▶ **What you will do**
An exact transcript of all the records is required, with nothing left out.

▶ **Data**
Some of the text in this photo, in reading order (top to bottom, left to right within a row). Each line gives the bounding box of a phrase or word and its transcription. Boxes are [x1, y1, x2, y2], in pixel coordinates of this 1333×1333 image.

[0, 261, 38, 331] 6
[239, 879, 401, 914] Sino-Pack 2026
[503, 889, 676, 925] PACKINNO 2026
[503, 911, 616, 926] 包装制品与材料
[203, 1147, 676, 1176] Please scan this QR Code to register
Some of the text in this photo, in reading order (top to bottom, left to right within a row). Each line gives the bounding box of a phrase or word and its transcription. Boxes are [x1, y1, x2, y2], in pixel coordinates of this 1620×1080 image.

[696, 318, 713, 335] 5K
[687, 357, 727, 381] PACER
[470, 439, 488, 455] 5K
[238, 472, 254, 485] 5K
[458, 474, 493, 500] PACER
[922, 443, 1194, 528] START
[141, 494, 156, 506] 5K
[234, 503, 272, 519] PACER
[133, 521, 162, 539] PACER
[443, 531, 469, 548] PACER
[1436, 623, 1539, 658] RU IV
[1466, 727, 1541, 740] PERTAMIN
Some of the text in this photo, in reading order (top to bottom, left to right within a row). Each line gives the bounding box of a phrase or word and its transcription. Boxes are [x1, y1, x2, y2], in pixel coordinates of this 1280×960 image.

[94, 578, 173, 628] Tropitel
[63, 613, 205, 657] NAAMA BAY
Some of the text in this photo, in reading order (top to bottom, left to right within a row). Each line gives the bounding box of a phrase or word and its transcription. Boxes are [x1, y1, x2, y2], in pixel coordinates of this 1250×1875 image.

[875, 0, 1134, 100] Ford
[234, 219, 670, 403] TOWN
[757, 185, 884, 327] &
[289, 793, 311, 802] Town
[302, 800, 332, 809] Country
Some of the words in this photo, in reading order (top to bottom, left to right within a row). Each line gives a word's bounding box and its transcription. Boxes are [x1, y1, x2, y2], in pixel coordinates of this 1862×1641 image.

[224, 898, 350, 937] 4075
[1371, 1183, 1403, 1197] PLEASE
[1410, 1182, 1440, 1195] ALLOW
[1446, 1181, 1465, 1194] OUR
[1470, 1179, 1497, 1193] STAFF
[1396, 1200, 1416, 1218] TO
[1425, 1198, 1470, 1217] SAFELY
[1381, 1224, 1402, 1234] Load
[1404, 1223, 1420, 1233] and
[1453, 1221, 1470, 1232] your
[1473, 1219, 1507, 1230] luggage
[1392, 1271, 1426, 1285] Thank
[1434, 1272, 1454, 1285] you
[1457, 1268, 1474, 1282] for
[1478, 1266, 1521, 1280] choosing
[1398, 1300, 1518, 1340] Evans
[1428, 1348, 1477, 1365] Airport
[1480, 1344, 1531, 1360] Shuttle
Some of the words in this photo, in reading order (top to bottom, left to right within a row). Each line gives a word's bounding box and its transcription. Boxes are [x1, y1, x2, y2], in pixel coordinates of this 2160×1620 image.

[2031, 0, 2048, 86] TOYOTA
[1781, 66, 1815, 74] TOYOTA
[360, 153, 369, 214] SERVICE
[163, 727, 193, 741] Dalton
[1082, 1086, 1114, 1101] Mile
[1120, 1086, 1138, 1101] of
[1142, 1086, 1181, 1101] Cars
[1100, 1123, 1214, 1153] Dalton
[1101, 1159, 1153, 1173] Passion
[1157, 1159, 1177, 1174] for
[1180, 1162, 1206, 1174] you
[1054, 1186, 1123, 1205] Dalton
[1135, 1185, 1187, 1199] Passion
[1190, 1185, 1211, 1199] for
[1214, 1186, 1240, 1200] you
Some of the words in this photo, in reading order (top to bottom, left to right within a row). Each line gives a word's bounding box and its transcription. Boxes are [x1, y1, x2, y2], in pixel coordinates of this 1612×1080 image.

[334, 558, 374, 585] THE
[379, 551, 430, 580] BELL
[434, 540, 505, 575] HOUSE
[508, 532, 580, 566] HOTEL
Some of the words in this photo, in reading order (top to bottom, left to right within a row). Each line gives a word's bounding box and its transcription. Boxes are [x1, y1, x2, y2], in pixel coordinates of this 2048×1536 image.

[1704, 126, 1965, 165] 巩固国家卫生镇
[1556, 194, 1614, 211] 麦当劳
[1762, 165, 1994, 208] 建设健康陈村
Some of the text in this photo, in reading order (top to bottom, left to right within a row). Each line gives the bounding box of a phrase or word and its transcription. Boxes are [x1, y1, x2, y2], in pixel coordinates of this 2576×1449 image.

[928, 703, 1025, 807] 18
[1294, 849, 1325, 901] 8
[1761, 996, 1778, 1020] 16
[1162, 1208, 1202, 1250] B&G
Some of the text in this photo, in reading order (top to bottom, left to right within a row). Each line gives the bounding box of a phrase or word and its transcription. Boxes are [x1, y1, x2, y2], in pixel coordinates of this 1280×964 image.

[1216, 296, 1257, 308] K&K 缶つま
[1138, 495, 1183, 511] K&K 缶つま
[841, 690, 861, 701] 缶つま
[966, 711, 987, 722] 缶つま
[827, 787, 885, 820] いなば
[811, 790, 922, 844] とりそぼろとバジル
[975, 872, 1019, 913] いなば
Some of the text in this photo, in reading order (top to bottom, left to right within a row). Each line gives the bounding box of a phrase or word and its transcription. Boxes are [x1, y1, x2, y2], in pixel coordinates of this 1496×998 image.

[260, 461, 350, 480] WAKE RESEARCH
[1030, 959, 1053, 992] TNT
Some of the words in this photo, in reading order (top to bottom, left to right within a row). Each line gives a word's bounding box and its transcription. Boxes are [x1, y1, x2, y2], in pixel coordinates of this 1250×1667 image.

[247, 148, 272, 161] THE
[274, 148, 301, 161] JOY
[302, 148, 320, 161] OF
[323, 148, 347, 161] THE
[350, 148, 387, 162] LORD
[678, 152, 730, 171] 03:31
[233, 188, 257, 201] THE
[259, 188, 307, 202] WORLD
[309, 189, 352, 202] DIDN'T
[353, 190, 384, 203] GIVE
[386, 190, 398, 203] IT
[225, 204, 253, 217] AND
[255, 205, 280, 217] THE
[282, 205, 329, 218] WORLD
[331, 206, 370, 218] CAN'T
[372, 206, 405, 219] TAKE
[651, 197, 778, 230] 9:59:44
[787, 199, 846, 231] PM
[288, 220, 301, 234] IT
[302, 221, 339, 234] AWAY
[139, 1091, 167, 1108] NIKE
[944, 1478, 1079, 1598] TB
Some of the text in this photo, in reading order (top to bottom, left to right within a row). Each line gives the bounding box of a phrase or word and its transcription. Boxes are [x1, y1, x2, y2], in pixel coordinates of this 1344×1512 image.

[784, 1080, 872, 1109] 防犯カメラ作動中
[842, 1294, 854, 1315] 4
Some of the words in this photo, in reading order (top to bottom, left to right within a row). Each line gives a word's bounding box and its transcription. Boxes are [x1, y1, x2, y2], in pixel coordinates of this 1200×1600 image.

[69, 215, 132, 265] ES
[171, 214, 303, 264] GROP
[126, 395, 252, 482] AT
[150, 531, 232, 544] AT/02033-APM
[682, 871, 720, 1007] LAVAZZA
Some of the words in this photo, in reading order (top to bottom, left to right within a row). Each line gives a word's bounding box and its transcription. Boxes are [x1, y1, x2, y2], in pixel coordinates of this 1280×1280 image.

▶ **Exercise output**
Some of the text in this photo, in reading order (top to bottom, left to right within a row). Each line gives the bounding box of a phrase or word and its transcription. Boxes are [x1, y1, x2, y2], in pixel coordinates of this 1333×1333 image.

[0, 261, 38, 331] 6
[239, 879, 401, 914] Sino-Pack 2026
[503, 889, 676, 925] PACKINNO 2026
[503, 911, 616, 926] 包装制品与材料
[203, 1147, 676, 1176] Please scan this QR Code to register
Some of the text in this photo, in reading order (top to bottom, left to right within a row). Each line gives the bounding box of a phrase or word and its transcription. Boxes are [x1, y1, x2, y2], in pixel coordinates of this 1620×1080 image.

[696, 318, 713, 335] 5K
[687, 357, 727, 381] PACER
[470, 439, 488, 455] 5K
[238, 472, 254, 485] 5K
[458, 474, 493, 500] PACER
[922, 443, 1194, 528] START
[141, 494, 156, 506] 5K
[234, 503, 272, 519] PACER
[133, 521, 162, 539] PACER
[443, 531, 469, 548] PACER
[1436, 623, 1539, 658] RU IV
[1466, 727, 1541, 740] PERTAMIN
Some of the text in this photo, in reading order (top to bottom, left to right within a row). Each line gives the bounding box of a phrase or word and its transcription. Boxes are [x1, y1, x2, y2], in pixel coordinates of this 1280×960 image.

[94, 578, 173, 628] Tropitel
[63, 613, 205, 657] NAAMA BAY
Some of the text in this photo, in reading order (top to bottom, left to right within a row). Each line gives the bounding box of a phrase or word and its transcription. Boxes are [x1, y1, x2, y2], in pixel coordinates of this 1250×1875 image.

[875, 0, 1134, 100] Ford
[234, 219, 670, 403] TOWN
[757, 185, 884, 327] &
[289, 793, 311, 802] Town
[302, 800, 332, 809] Country
Some of the words in this photo, in reading order (top to bottom, left to right within a row). Each line gives a word's bounding box and its transcription. Boxes are [x1, y1, x2, y2], in pixel coordinates of this 1862×1641 image.

[224, 898, 350, 937] 4075
[1371, 1183, 1403, 1197] PLEASE
[1410, 1182, 1440, 1195] ALLOW
[1446, 1181, 1465, 1194] OUR
[1470, 1179, 1497, 1193] STAFF
[1396, 1200, 1416, 1218] TO
[1425, 1198, 1470, 1217] SAFELY
[1381, 1224, 1402, 1234] Load
[1404, 1223, 1420, 1233] and
[1453, 1221, 1470, 1232] your
[1473, 1219, 1507, 1230] luggage
[1392, 1271, 1426, 1285] Thank
[1434, 1272, 1454, 1285] you
[1457, 1268, 1474, 1282] for
[1478, 1266, 1521, 1280] choosing
[1398, 1300, 1518, 1340] Evans
[1428, 1348, 1477, 1365] Airport
[1480, 1344, 1531, 1360] Shuttle
Some of the words in this photo, in reading order (top to bottom, left to right within a row). Each line gives a word's bounding box and its transcription. Boxes are [x1, y1, x2, y2], in pixel coordinates of this 2160×1620 image.

[2031, 0, 2048, 86] TOYOTA
[1781, 66, 1815, 74] TOYOTA
[360, 153, 369, 214] SERVICE
[163, 727, 193, 741] Dalton
[1082, 1086, 1114, 1101] Mile
[1120, 1086, 1138, 1101] of
[1142, 1086, 1181, 1101] Cars
[1100, 1123, 1214, 1153] Dalton
[1101, 1159, 1153, 1173] Passion
[1157, 1159, 1177, 1174] for
[1180, 1162, 1206, 1174] you
[1054, 1186, 1123, 1205] Dalton
[1135, 1185, 1187, 1199] Passion
[1190, 1185, 1211, 1199] for
[1214, 1186, 1240, 1200] you
Some of the words in this photo, in reading order (top to bottom, left to right within a row). Each line gives a word's bounding box and its transcription. Boxes are [x1, y1, x2, y2], in pixel coordinates of this 1612×1080 image.

[334, 558, 374, 585] THE
[379, 551, 430, 580] BELL
[434, 540, 505, 575] HOUSE
[508, 532, 580, 566] HOTEL
Some of the words in this photo, in reading order (top to bottom, left to right within a row). Each line gives a word's bounding box and its transcription. Boxes are [x1, y1, x2, y2], in pixel coordinates of this 2048×1536 image.

[1704, 126, 1965, 165] 巩固国家卫生镇
[1556, 194, 1614, 211] 麦当劳
[1762, 165, 1994, 208] 建设健康陈村
Some of the text in this photo, in reading order (top to bottom, left to right within a row). Each line gives the bounding box of a phrase or word and its transcription. Boxes are [x1, y1, x2, y2], in pixel coordinates of this 2576×1449 image.

[928, 703, 1025, 807] 18
[1294, 849, 1325, 901] 8
[1761, 996, 1778, 1020] 16
[1162, 1208, 1202, 1250] B&G
Some of the text in this photo, in reading order (top to bottom, left to right within a row). Each line gives the bounding box of a phrase or word and its transcription. Boxes are [x1, y1, x2, y2], in pixel coordinates of this 1280×964 image.

[1216, 296, 1257, 308] K&K 缶つま
[1138, 495, 1183, 511] K&K 缶つま
[841, 690, 861, 701] 缶つま
[966, 711, 987, 722] 缶つま
[827, 787, 885, 820] いなば
[811, 790, 922, 844] とりそぼろとバジル
[975, 872, 1019, 913] いなば
Some of the text in this photo, in reading order (top to bottom, left to right within a row). Each line gives the bounding box of a phrase or word and its transcription. Boxes are [x1, y1, x2, y2], in pixel coordinates of this 1496×998 image.

[260, 461, 350, 480] WAKE RESEARCH
[1030, 959, 1053, 992] TNT
Some of the words in this photo, in reading order (top to bottom, left to right within a row). Each line gives a word's bounding box and its transcription. Boxes are [x1, y1, x2, y2], in pixel coordinates of this 1250×1667 image.

[247, 148, 272, 161] THE
[274, 148, 301, 161] JOY
[302, 148, 320, 161] OF
[323, 148, 347, 161] THE
[350, 148, 387, 162] LORD
[678, 152, 730, 171] 03:31
[233, 188, 257, 201] THE
[259, 188, 307, 202] WORLD
[309, 189, 352, 202] DIDN'T
[353, 190, 384, 203] GIVE
[386, 190, 398, 203] IT
[225, 204, 253, 217] AND
[255, 205, 280, 217] THE
[282, 205, 329, 218] WORLD
[331, 206, 370, 218] CAN'T
[372, 206, 405, 219] TAKE
[651, 197, 778, 230] 9:59:44
[787, 199, 846, 231] PM
[288, 220, 301, 234] IT
[302, 221, 339, 234] AWAY
[139, 1091, 167, 1108] NIKE
[944, 1478, 1079, 1598] TB
Some of the text in this photo, in reading order (top to bottom, left to right within a row). Each line gives the bounding box of a phrase or word and its transcription. Boxes are [x1, y1, x2, y2], in pixel coordinates of this 1344×1512 image.

[784, 1080, 872, 1109] 防犯カメラ作動中
[842, 1294, 854, 1315] 4
Some of the words in this photo, in reading order (top to bottom, left to right within a row). Each line gives a word's bounding box and its transcription. Boxes are [x1, y1, x2, y2], in pixel coordinates of this 1200×1600 image.

[69, 215, 132, 265] ES
[171, 214, 303, 264] GROP
[126, 395, 252, 482] AT
[150, 531, 232, 544] AT/02033-APM
[682, 871, 720, 1007] LAVAZZA
Some of the words in this photo, in reading order (top to bottom, left to right within a row). Each line gives a word's bounding box and its transcription. Boxes are [x1, y1, x2, y2], in pixel coordinates of this 1280×1280 image.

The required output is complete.